7/6/2005 - AFS Ambulance Driver Revisits Bergen-Belsen
Melvin Waters, an AFS WWII driver and one of the liberators of the Bergen-Belsen concentration camp in Germany revisited a chapter of his past history when he participated in the 60th anniversary of the camp’s liberation on April 17, 2005.
Shortly after the British Liberation armies arrived at Bergen-Belsen in April of 1945, a contingent of AFS ambulance drivers was called in to assist in what became a 7-week mission offering aid and hope to the survivors of the Nazi camp. Among those who did not survive their internment at Bergen-Belsen were Anne Frank and her sister Margot.
Melvin Waters was 19 years old when he joined the American Field Service as an ambulance driver, early in the summer of 1944. Melvin served at Bergen-Belsen as a member of the “D” Platoon of 567 COY, an AFS section attached to 21st Army Group. This past April, Melvin and his family, accompanied by Jürgen Blankenburg, the Chair AFS Foundation and former AFS International Trustee, Susanne Orth, Director of fundraising and public relations at the AFS Partner office in Germany and Bärbel Helmers, the former National Director of AFS Germany made the journey to the site of the camp for the memorial ceremonies.
Some time after the commemoration of the event, Melvin spoke on the phone with Eleanora Golobic, the Archivist at AFS International: “The day before going to Bergen-Belsen, I met members of the AFS German office in Hamburg. At this meeting, I realized how little is known about the drivers and the history of the American Field Service. Some, if not all the former participants in AFS exchange programs that I met there thought that the AFS drivers were in the American army. I explained to them that the American Field Service began during the First World War when a group of American college students studying in Paris formed this service organization to help transport French soldiers wounded on the battlefields to hospitals. The AFS was never part of the American army.” After the meeting Melvin attended a dinner with the Board Members of AFS Germany and Francisco “Tachi” Cazal, who has since become the President of AFS International.
Melvin reminisced about the decision to go to the memorial service and about the conditions he found at the camp upon his arrival in 1944: “When I first thought about going to the 60th anniversary of the liberation of the camp, I had mixed emotions. My first reaction was to call Cynthia, my eldest daughter, and discuss it with her. Her response was ‘Dad, you have to go and I will go with you and Mom.’ Two of my daughters, a son-in-law and my wife Jo, all accompanied me to Hamburg, Germany and later to Bergen-Belsen.” The moral support provided by his family was undoubtedly important as Melvin thought back to the nightmarish conditions he witnessed when he first arrived at the camp in 1944. “When we entered the camp, we walked among rows and rows of dead bodies, the living were mixed in with the dead. Some were delirious, not being able to grasp that they were now free. We did not know where to begin our work, the task was so overwhelming, but we were soon ordered to begin the evacuation of the camp’s survivors.

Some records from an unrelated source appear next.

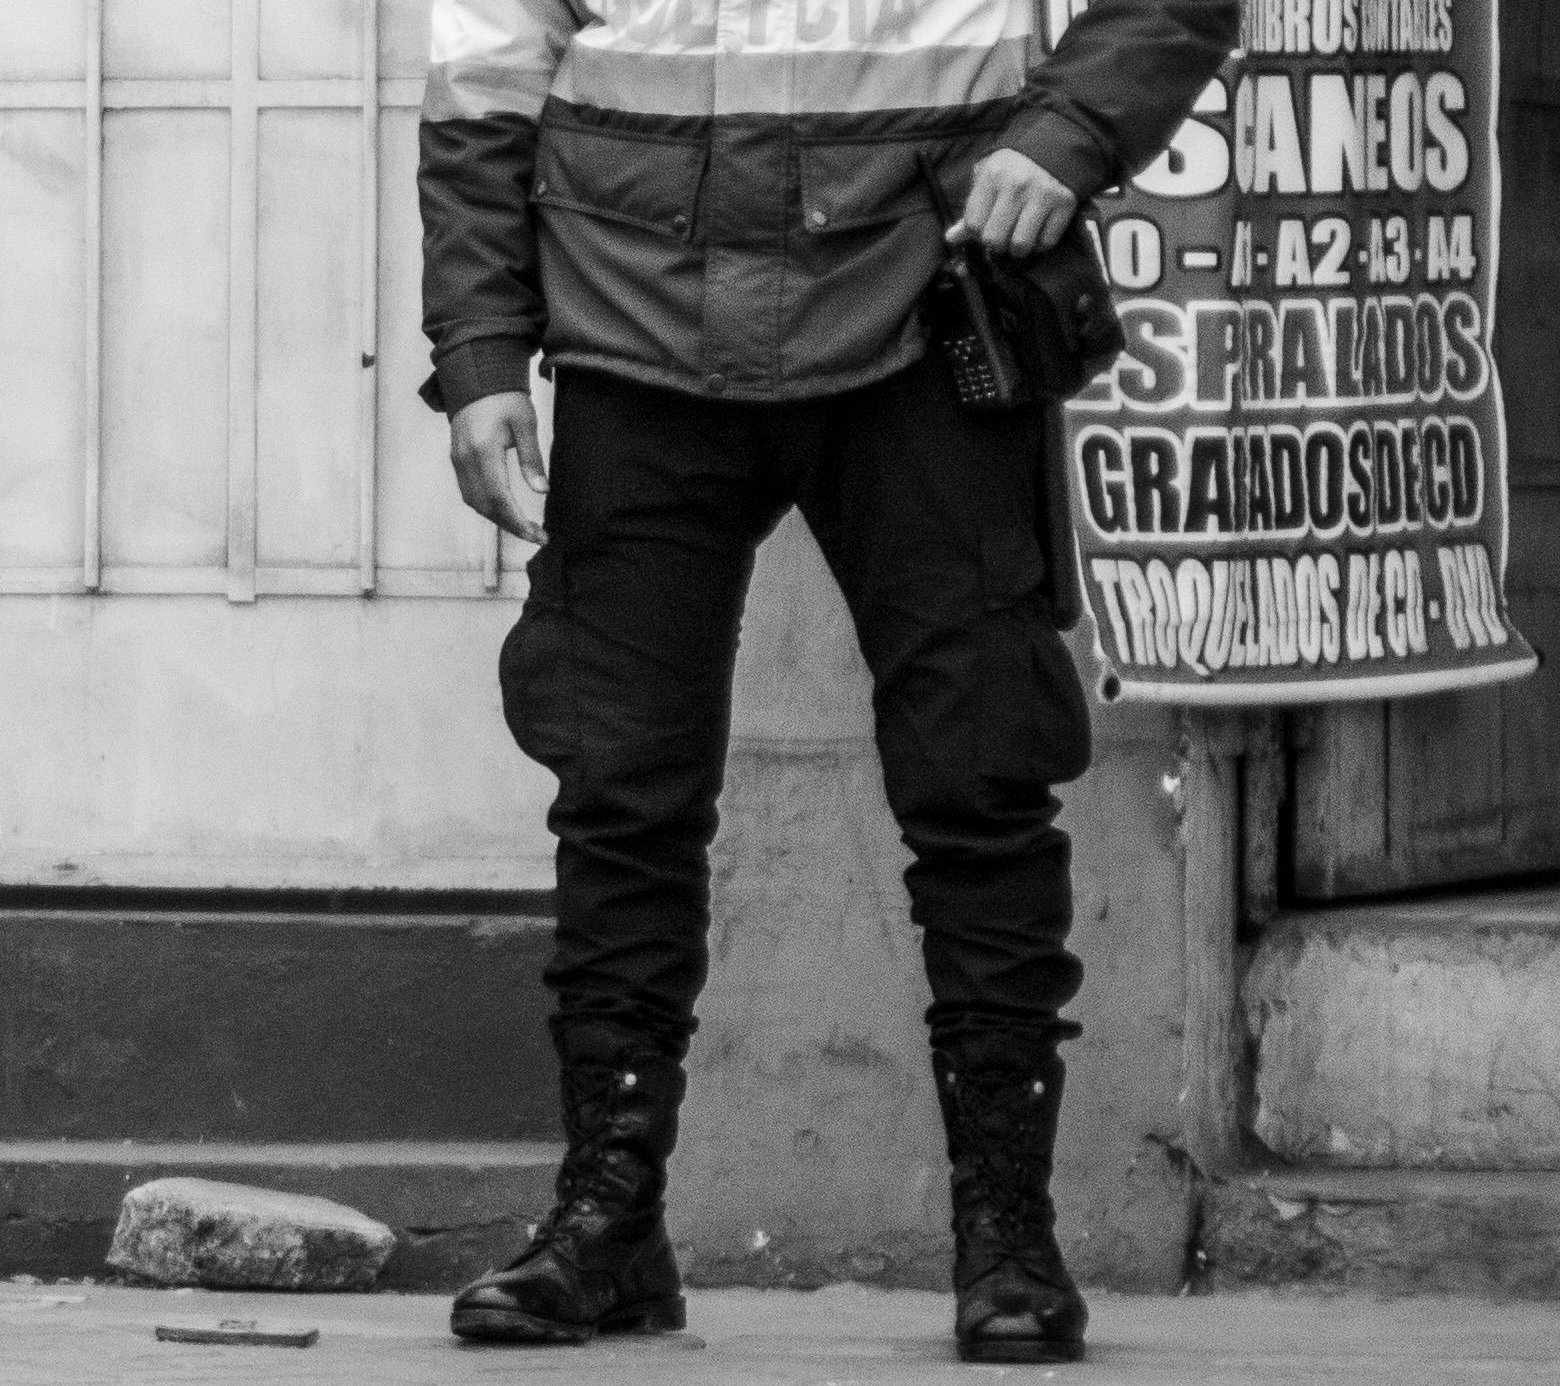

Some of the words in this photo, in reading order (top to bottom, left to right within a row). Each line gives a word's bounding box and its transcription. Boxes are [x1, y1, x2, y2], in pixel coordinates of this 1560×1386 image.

[1115, 72, 1470, 197] SCANEOS
[1275, 218, 1352, 286] A2
[1369, 216, 1411, 284] A3
[1426, 215, 1477, 281] A4
[1421, 416, 1484, 529] CD
[1383, 549, 1429, 657] CD

“Coming back to this place was a little disorienting,” continued Melvin, “When the memorial ceremony was over, I looked for the place where I remembered the main gate to the camp had been located, but I could not find it. I finally asked Jürgen Blankenburg, and he said that I was standing right on the spot where the gate used to be. ‘How could this be?’, I asked him, since I remembered the main gate had looked out to the east onto an open field, but now, Bergen-Belsen was just a small clearing deep in a forest. Where had all the trees come from? My wife reminded me that a lot of trees can grow in sixty years, and then I was reminded that the horror of this camp did not happen yesterday, it had happened 60 years ago.”
After a few more days in Germany and in Belgium, where he visited the AFS Flemish and French Partner offices, the town of Brugges and the memorial to the Battle of the Bulge, Melvin and his family boarded the plane for the trip back home to the United States: “As I flew home, I thought of how gracious and friendly all the people of the Hamburg AFS office and AFS Belgium had been to my family and to me. I was overwhelmed at the dedication and enthusiasm of the staff members, volunteers and AFS program alumni whom I met during my stay in Germany and Belgium. All of the AFS alumni that I spoke with told me that their year abroad in the exchange program was the most memorable time of their lives. It made me think of how much the months I spent in the AFS meant to me and how they affected my life.”
Following the end of the war in Europe, Melvin was sent to the United Kingdom and transferred to India in July of 1945. After the termination of hostilities with Japan, he returned to the United States in 1945. He has worked as a CPA for many years at his firm in Dallas, Texas. Melvin is now busy writing his forthcoming memoirs which will be titled “My Story” based on his experiences in the war.